§ **PROBLEM DESCRIPTION**
Each of the records that follow needs an exact reproduction.

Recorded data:
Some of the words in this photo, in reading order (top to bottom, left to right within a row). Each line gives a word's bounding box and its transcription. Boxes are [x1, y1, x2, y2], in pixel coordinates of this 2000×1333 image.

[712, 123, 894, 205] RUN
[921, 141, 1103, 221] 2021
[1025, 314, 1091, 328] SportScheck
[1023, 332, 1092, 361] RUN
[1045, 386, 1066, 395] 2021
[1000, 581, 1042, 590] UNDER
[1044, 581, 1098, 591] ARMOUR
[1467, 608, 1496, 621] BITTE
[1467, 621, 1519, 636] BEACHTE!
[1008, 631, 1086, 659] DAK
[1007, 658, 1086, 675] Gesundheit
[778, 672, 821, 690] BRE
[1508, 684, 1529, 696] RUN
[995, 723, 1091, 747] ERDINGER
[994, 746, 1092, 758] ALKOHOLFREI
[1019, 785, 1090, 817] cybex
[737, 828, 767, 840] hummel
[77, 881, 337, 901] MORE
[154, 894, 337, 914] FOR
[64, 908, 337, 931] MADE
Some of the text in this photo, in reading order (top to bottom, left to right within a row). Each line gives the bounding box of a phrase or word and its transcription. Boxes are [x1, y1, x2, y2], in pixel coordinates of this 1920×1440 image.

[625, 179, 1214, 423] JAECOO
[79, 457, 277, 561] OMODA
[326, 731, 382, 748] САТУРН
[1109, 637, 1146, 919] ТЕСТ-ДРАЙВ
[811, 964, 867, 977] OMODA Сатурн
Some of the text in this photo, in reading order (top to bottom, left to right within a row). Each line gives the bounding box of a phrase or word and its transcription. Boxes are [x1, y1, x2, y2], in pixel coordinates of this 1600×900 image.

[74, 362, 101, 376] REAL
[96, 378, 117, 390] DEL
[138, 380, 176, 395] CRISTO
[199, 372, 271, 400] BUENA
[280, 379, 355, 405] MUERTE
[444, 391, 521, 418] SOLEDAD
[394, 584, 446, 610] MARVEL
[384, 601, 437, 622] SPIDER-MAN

§ **SOLUTION TO THIS PROBLEM**
Some of the words in this photo, in reading order (top to bottom, left to right within a row). Each line gives a word's bounding box and its transcription. Boxes are [x1, y1, x2, y2], in pixel coordinates of this 2000×1333 image.

[712, 123, 894, 205] RUN
[921, 141, 1103, 221] 2021
[1025, 314, 1091, 328] SportScheck
[1023, 332, 1092, 361] RUN
[1045, 386, 1066, 395] 2021
[1000, 581, 1042, 590] UNDER
[1044, 581, 1098, 591] ARMOUR
[1467, 608, 1496, 621] BITTE
[1467, 621, 1519, 636] BEACHTE!
[1008, 631, 1086, 659] DAK
[1007, 658, 1086, 675] Gesundheit
[778, 672, 821, 690] BRE
[1508, 684, 1529, 696] RUN
[995, 723, 1091, 747] ERDINGER
[994, 746, 1092, 758] ALKOHOLFREI
[1019, 785, 1090, 817] cybex
[737, 828, 767, 840] hummel
[77, 881, 337, 901] MORE
[154, 894, 337, 914] FOR
[64, 908, 337, 931] MADE
Some of the text in this photo, in reading order (top to bottom, left to right within a row). Each line gives the bounding box of a phrase or word and its transcription. Boxes are [x1, y1, x2, y2], in pixel coordinates of this 1920×1440 image.

[625, 179, 1214, 423] JAECOO
[79, 457, 277, 561] OMODA
[326, 731, 382, 748] САТУРН
[1109, 637, 1146, 919] ТЕСТ-ДРАЙВ
[811, 964, 867, 977] OMODA Сатурн
Some of the text in this photo, in reading order (top to bottom, left to right within a row). Each line gives the bounding box of a phrase or word and its transcription. Boxes are [x1, y1, x2, y2], in pixel coordinates of this 1600×900 image.

[74, 362, 101, 376] REAL
[96, 378, 117, 390] DEL
[138, 380, 176, 395] CRISTO
[199, 372, 271, 400] BUENA
[280, 379, 355, 405] MUERTE
[444, 391, 521, 418] SOLEDAD
[394, 584, 446, 610] MARVEL
[384, 601, 437, 622] SPIDER-MAN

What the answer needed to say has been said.